President Piñera unveils benefits of law to reduce medication prices: “It is a response to the wishes and needs of millions of Chilean families
The government initiative, which was published today in the Official Gazette and goes into effect on April 6, allows the National Health System Central Supply Unit (Cenabast) to negotiate the purchase of medications for pharmacies and medical supply stores. This will allow prices for all families to drop by up to 80%. “The main beneficiaries will be older adults, individuals with chronic illnesses and the most vulnerable members of society,” the President announced.

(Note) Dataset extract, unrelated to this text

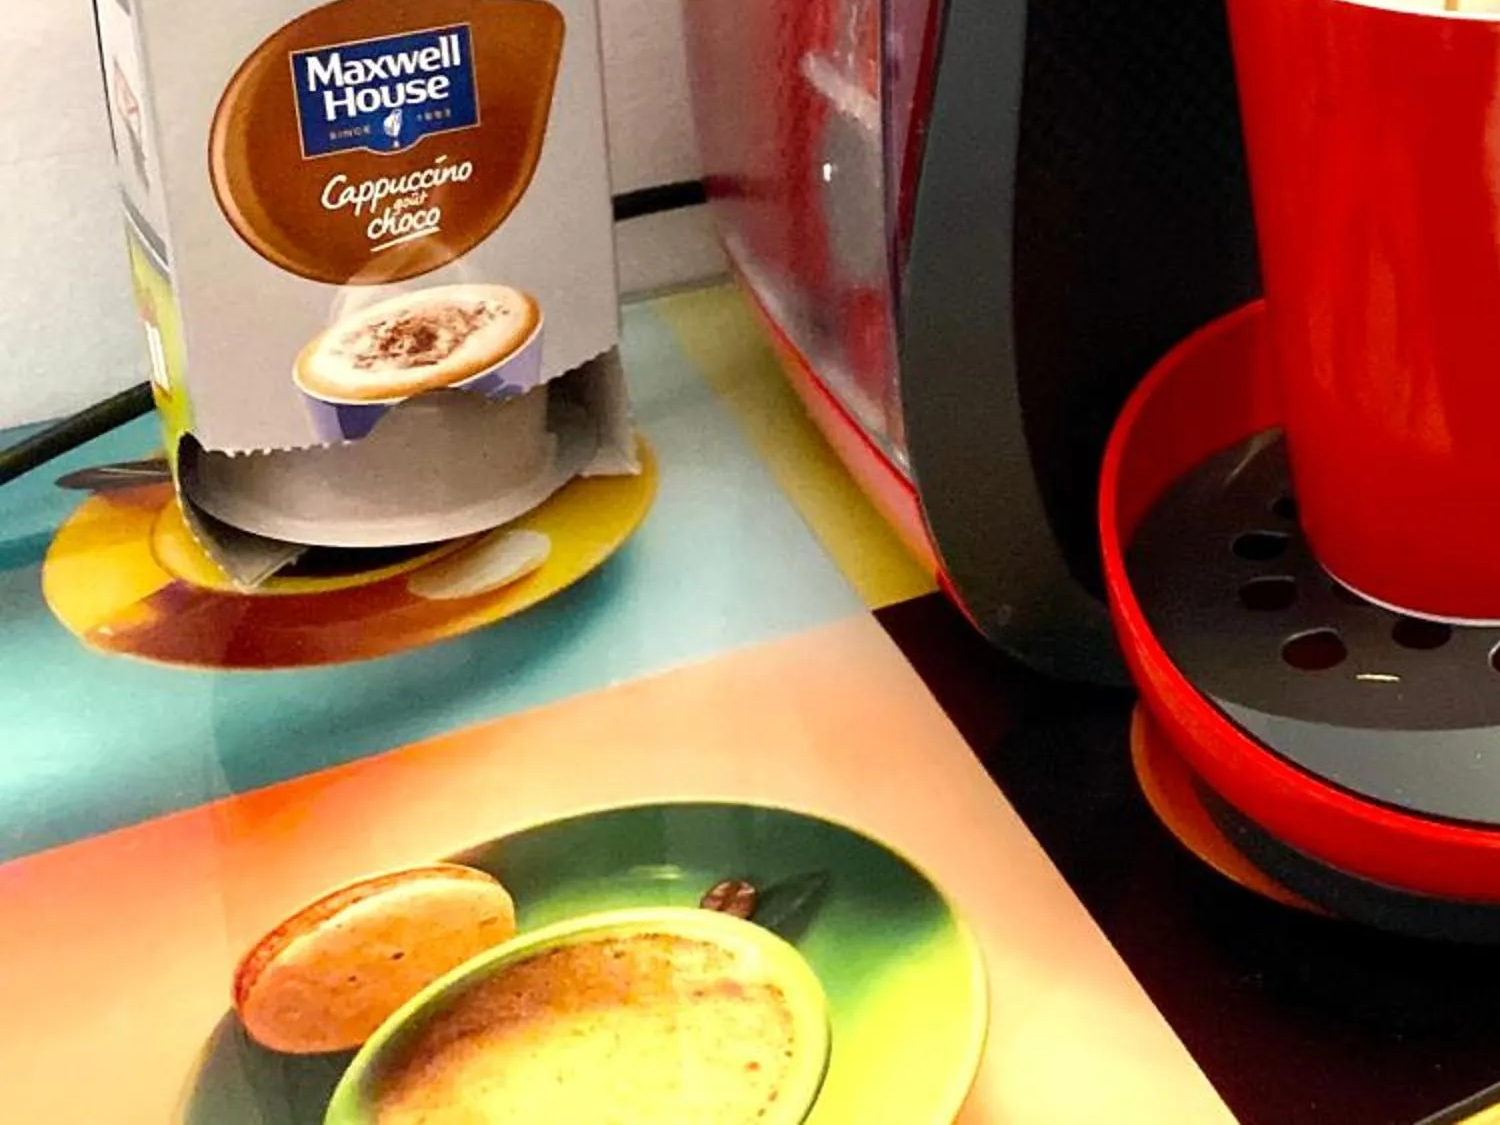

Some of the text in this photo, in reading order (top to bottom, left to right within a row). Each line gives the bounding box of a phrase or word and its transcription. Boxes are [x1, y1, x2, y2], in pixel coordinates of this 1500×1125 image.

On Wednesday, President Sebastián Piñera unveiled the benefits of a new law that will reduce the sale prices of medications after authorizing pharmacies to purchase them through the Cenabast purchasing system.
“The main beneficiaries will be older adults, individuals with chronic illnesses and the most vulnerable members of society,” the President remarked at a ceremony at La Moneda Palace where he was accompanied by Health Minister Jaime Mañalich.
Under the new law, the prices of medications negotiated by Cenabast could drop up to 80%, which will provide relief to families.
Cenabast will establish a sale price limit for medications that can be purchased in pharmacies through this new mode so that they will be less expensive for members of the public. An advisory board will be created to recommend the maximum retail prices.
“Cenabast will use its muscle to buy at lower prices and will pass those savings on to all Chileans,” the President said.
The law focuses on independent or smaller pharmacies, which will be the first to be subject to the legislation.
“The goal is for Chileans to be able to buy medication at the lowest possible price,” the President said, adding that, “some pharmacies and laboratories have been abusing Chilean consumers for too long, and it is time to end those practices.”
The law is part of the National Medication Policy introduced by President Piñera in October. It includes 31 measures for improving the regulation of medications, introducing more competition and decreasing out-of-pocket costs for consumers. More than 50% of the measures announced have been implemented to date.